Montenegro’s authorities decided on February 10 to introduce a curfew and ban intercity travel at weekends as the number of coronavirus cases is rising too quickly and the health system is struggling to deal with the situation.
As of February 11, people will not be allowed to go out between 9pm and 5am, while shops and restaurants will work until 6pm, Igor Galic, director of the Institute for Public Health, said at a press conference.
In the municipalities of Budva and Tivat, where the situation is the worst, the authorities will implement additional measures. The authorities decided to close kindergartens, schools and universities there. Sporting competitions are also banned. Citizens of Budva and Tivat are also recommended not to leave the municipalities.

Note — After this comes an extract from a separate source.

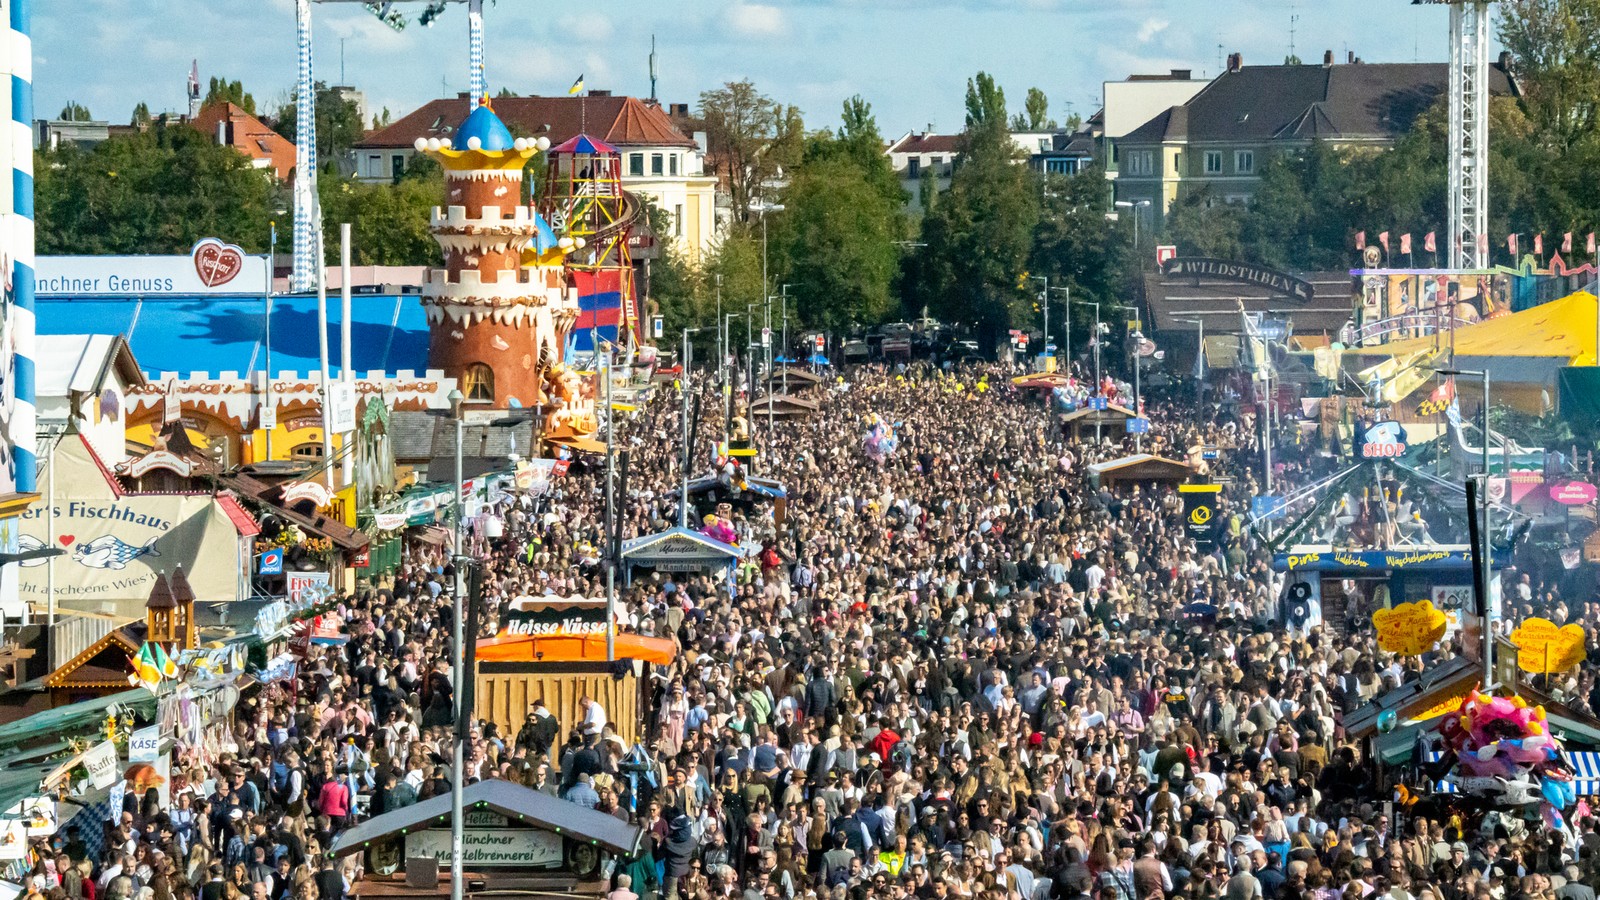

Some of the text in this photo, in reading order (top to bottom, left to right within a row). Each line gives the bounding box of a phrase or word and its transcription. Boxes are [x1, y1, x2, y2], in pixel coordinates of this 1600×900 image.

The Albanian authorities have also set tighter new measures to contain the spread of the coronavirus as the number of new cases has risen sharply. The health ministry reported 1,239 new cases and 16 deaths on February 10 after the daily tally repeatedly reached new record highs earlier this month.
A curfew will be set between 8pm and 6am, while all bars and restaurants will be shut, though they will still be able to make deliveries.
Previously, Prime Minister Edi Rama warned at an ad hoc press conference called to explain the situation to citizens on February 8 about the dangers of ignoring restrictions, such as by failing to wear face masks. Businesses too were told to take more precautions, and Rama warned of increased visits by police should retailers, bars and restaurants fail to observe the rules. “In the coming days we will increase the fines for bars, restaurants [and] shopping malls,” the prime minister said.
Rama also criticised politicians, including those from his own party, who had broken the rules, including by meeting in groups of more people than allowed under the current rules, which he called “irresponsible and unjustifiable”.
“If we do not act now, if we do not react responsibly now, if everyone does not do their job now, the situation risks getting complicated, the number of infections risks growing and definitely the burden on the health system risks being aggravated, in conditions where it is in fact avoidable,” the prime minister said.
Albania has already launched its vaccination programme, and Prime Minister Edi Rama said on February 10 that the country will receive 1.6mn Pfizer vaccines against the coronavirus through the COVAX scheme.
Meanwhile, in Montenegro Health Minister Jelena Borovinic Bojovic said the government expects that the Russian Sputnik V vaccine will most likely be the first to arrive in Montenegro. Bojovic also said that the government’s talks with Pfizer are at the final stage.
A day earlier, thousands of Montenegrins signed a petition calling for Bojovic’s resignation, blaming her for the failure to secure vaccines so far.